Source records
= Beginning of Section =

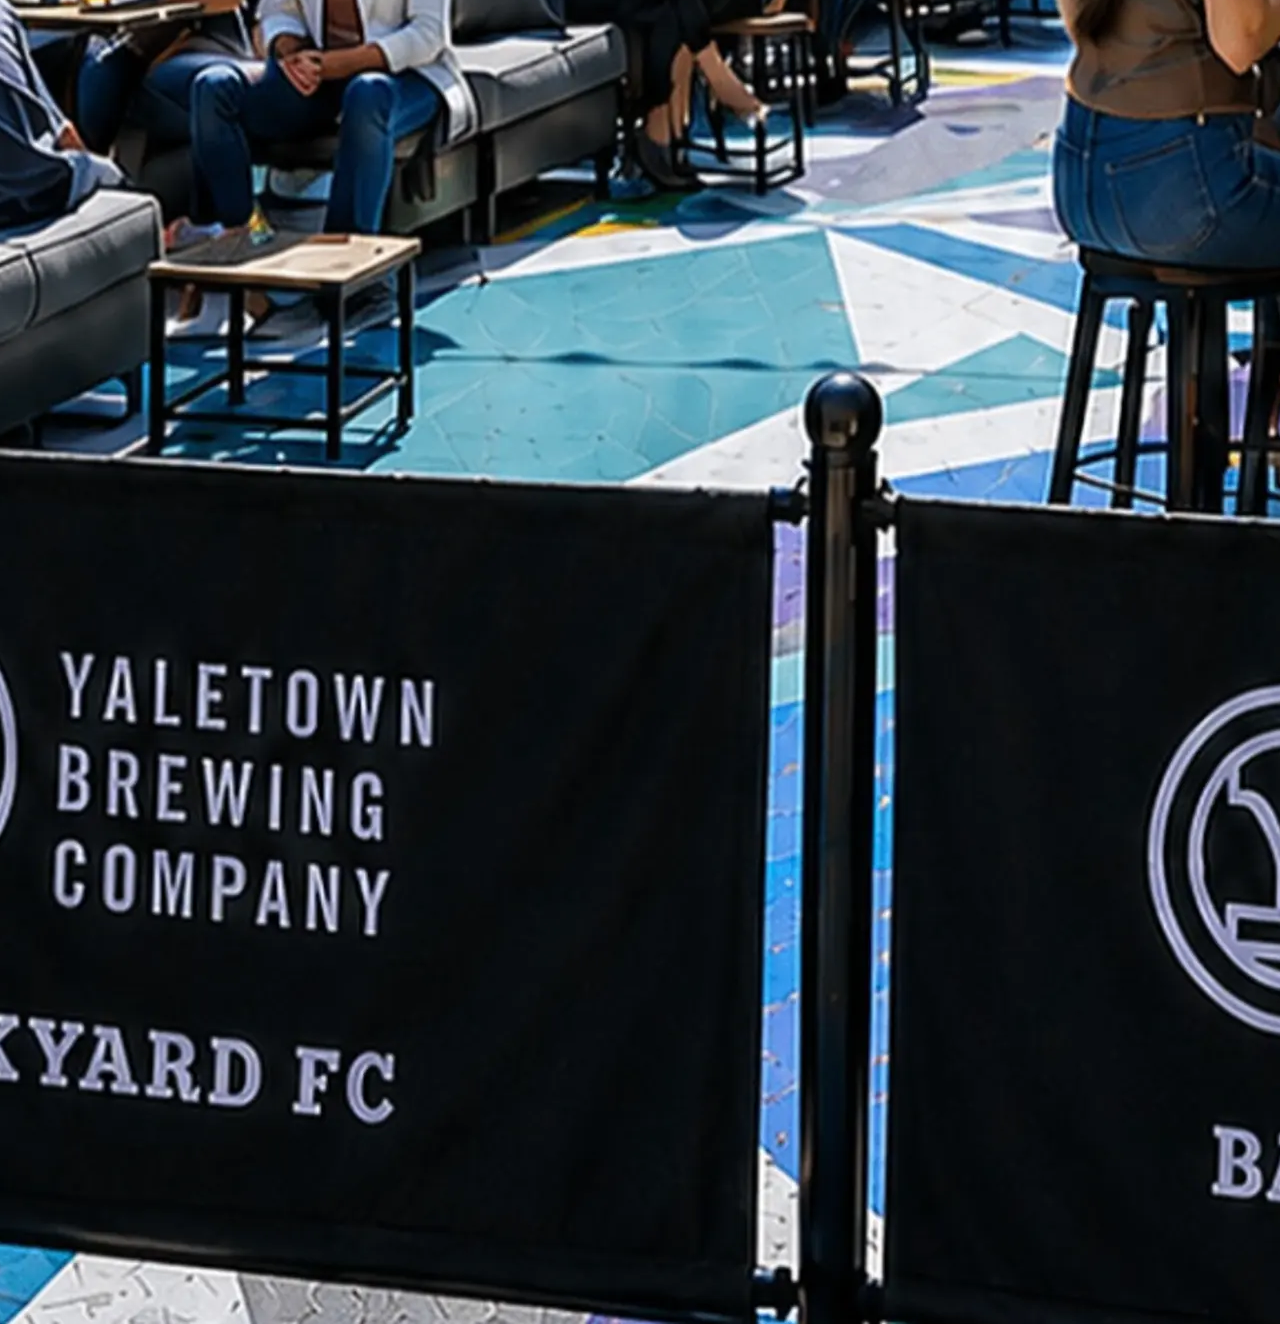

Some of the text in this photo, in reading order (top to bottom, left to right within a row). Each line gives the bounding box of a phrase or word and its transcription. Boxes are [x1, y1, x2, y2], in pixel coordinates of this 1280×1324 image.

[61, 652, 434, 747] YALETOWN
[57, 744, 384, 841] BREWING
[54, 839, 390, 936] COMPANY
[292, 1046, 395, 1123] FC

= End of Section =

* [WORK TASK]: Every line of the data should be copied as it stands, without the images.

* [RESULT OF THIS TASK]:
Some of the text in this photo, in reading order (top to bottom, left to right within a row). Each line gives the bounding box of a phrase or word and its transcription. Boxes are [x1, y1, x2, y2], in pixel coordinates of this 1280×1324 image.

[61, 652, 434, 747] YALETOWN
[57, 744, 384, 841] BREWING
[54, 839, 390, 936] COMPANY
[292, 1046, 395, 1123] FC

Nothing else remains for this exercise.